TU administration has proposed installing a merit-based system for faculty raises, but many professors find the timing of the initiative tone-deaf.

The University of Tulsa administration is currently working to shift faculty pay raises to a merit-based system, as opposed to a years-worked or seniority system. The new method of granting raises would operate based on department-specific criteria that each department would determine on its own. Administration asked faculty last fall to submit these criteria with the hopes of implementing the new system in the 2023-24 budget, which administration will finalize late in the spring semester.

Controversy has arisen among faculty, however, in light of what some see as an incredibly misguided approach to the shift. The provost announced the plan to a meeting of faculty chairs last fall, asking departments to submit their own proposed criteria for raises.

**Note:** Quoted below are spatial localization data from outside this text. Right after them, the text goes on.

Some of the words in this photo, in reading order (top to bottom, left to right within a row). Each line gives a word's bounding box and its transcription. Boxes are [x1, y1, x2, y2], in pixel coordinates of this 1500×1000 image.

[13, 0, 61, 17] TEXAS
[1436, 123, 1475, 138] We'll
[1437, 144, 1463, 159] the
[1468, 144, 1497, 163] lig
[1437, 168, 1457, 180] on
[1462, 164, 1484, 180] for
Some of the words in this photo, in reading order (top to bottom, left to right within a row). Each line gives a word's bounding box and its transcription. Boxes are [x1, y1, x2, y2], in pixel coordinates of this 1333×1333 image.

At that time, the impression given suggested that faculty alone would determine these criteria. More recently, however, administration informed faculty that their structure proposals would undergo peer review to see how proposed TU criteria compared with that of a handful of R1 universities. R1 universities represent the highest level of research activity on college campuses as judged within the Carnegie Classification; The University of Tulsa currently stands at R2 ranking. This move surprised faculty as they had not known that their proposals would undergo peer review at all, much less with faculty at universities better suited for research than TU.

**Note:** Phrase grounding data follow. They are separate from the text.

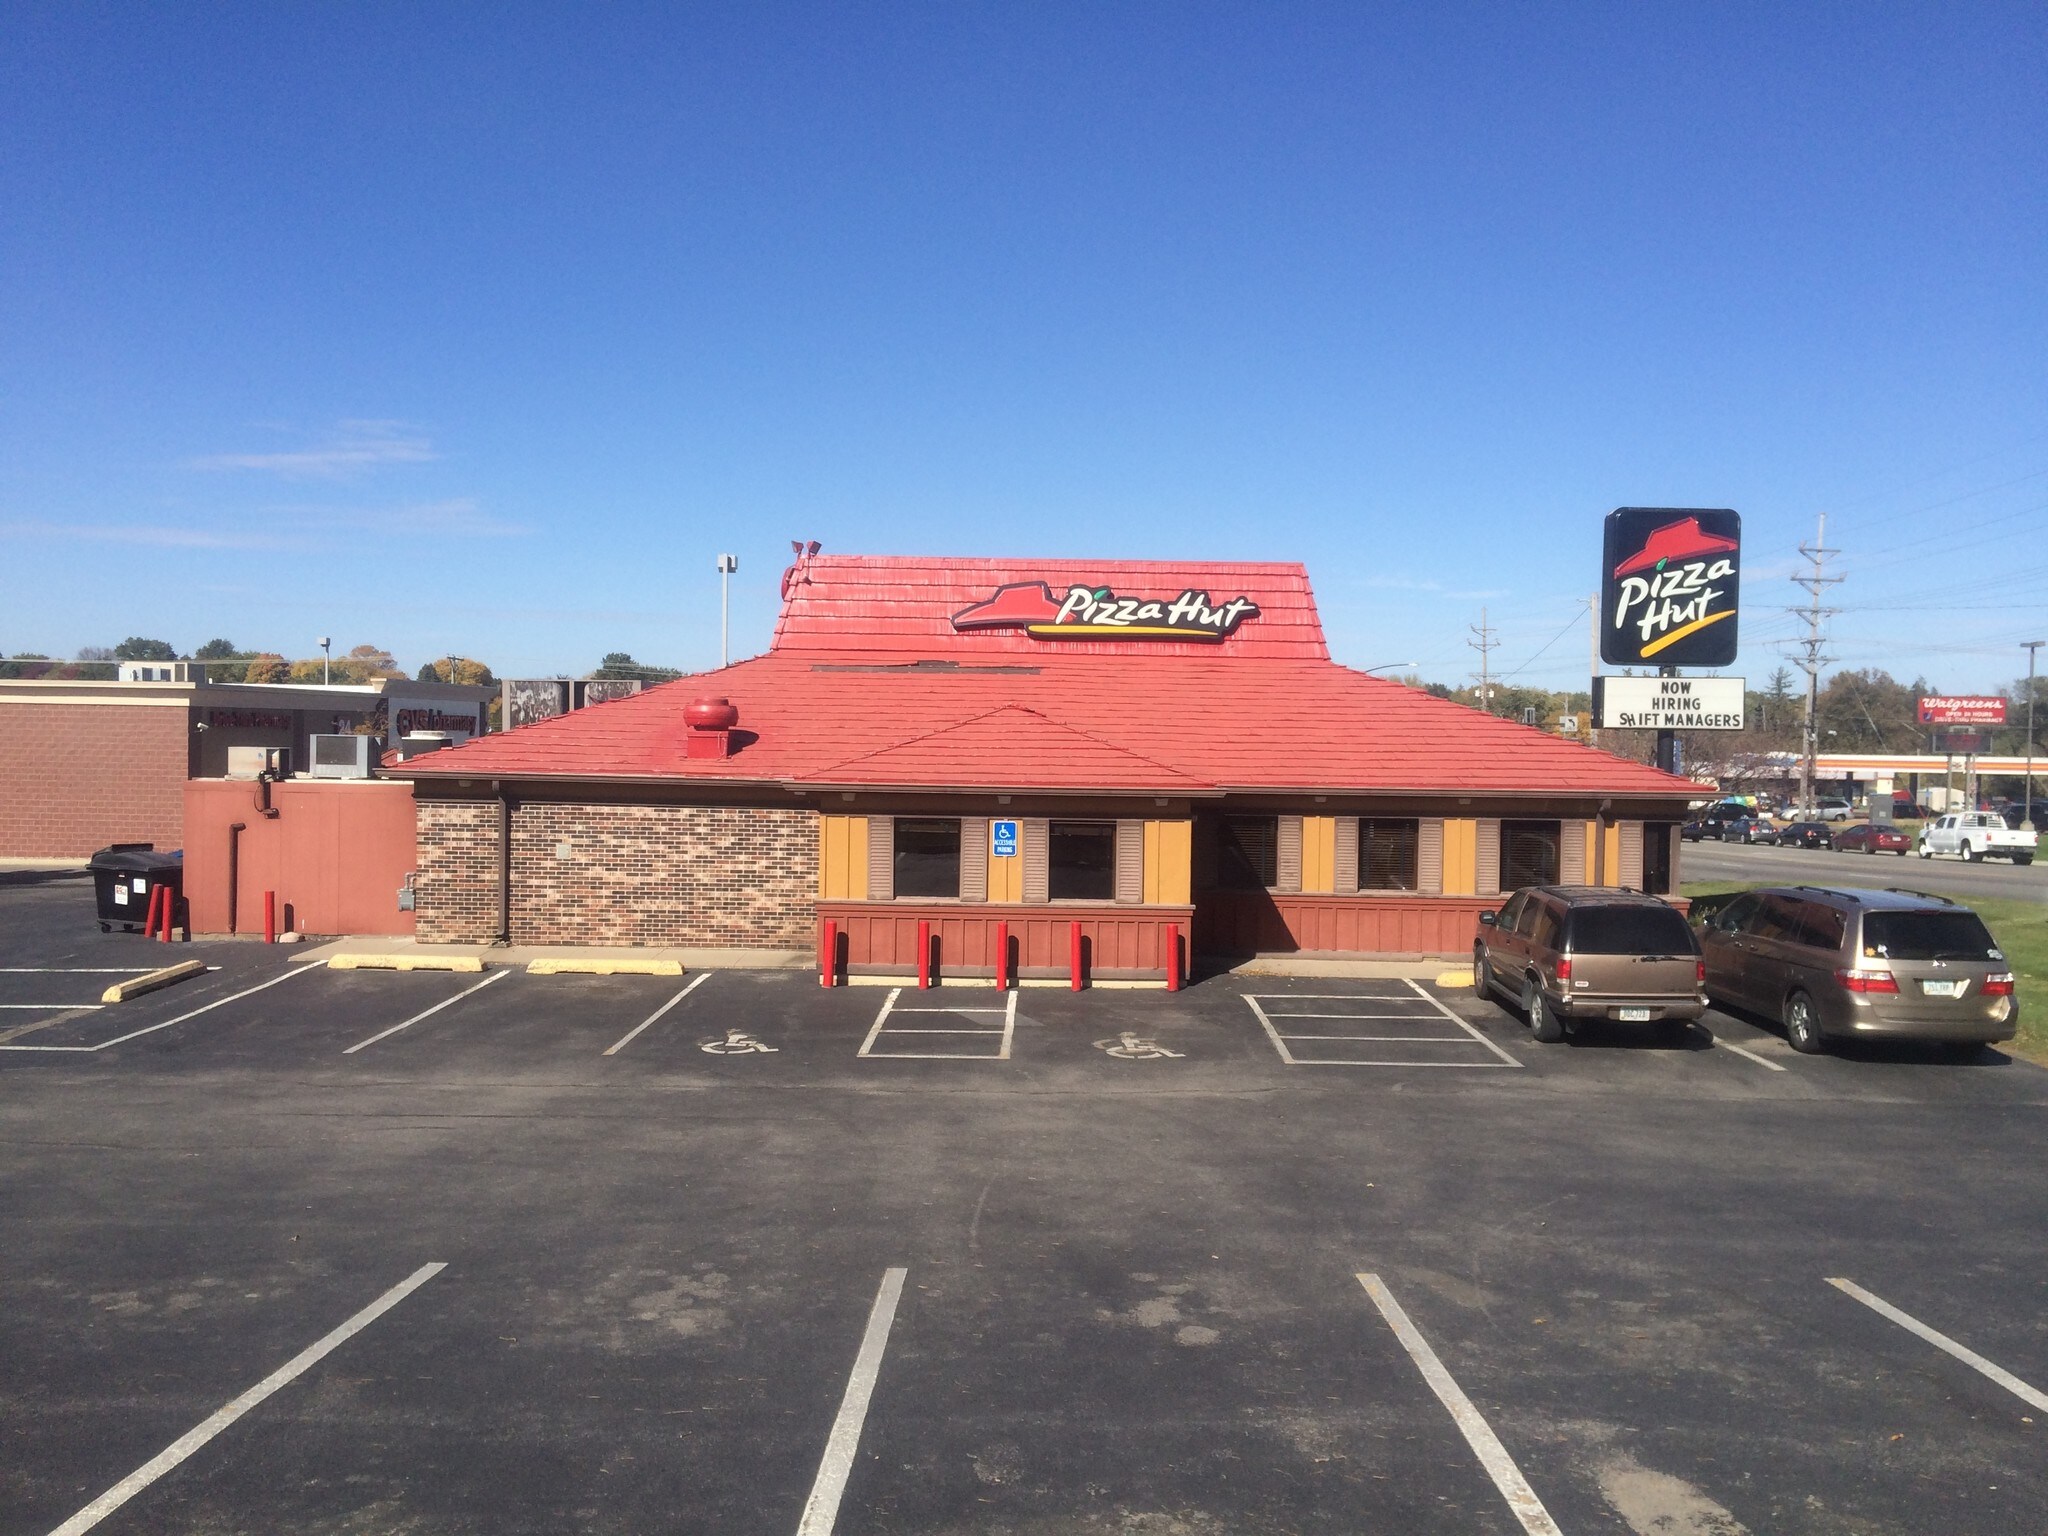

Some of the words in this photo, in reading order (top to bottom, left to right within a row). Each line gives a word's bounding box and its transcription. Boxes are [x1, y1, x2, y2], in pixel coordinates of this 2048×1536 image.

[1616, 557, 1736, 629] Pizza
[1056, 588, 1163, 625] Pizza
[1167, 591, 1255, 627] Hut
[1637, 587, 1724, 641] Hut
[1660, 681, 1691, 694] NOW
[1652, 697, 1701, 710] HIRING
[1922, 698, 2003, 711] Walgreens
[1619, 713, 1660, 727] SHIFT
[1664, 713, 1741, 727] MANAGERS

The initial proposal also came in light of the fact that in spring of 2022 the university began an inquiry into comparing faculty pay with that of other universities within the region. This inquiry started because faculty had not had a substantial pay raise in at least five years. This past week, administration released the collected data, revealing some serious issues. While many faculty on campus do receive pay on par with what is expected of their field and years contributed, some found that their pay fell not only far below the median but even substantially below the lower quartile of pay among similar faculty. This means that, for some professors, they currently receive less compensation than over 75% of similar faculty within the region.

Problems such as this one illustrate the problem of salary compression plaguing TU. Salary compression occurs when current faculty receive small raises, if any, while starting salaries for new hires rise disproportionately. In a competitive job market, new hire pay has to rise at a certain rate if the university hopes to attract quality candidates, but this begins to harm the workplace environment when current faculty do not receive a fair salary, eventually posing a threat to repel would-be applicants.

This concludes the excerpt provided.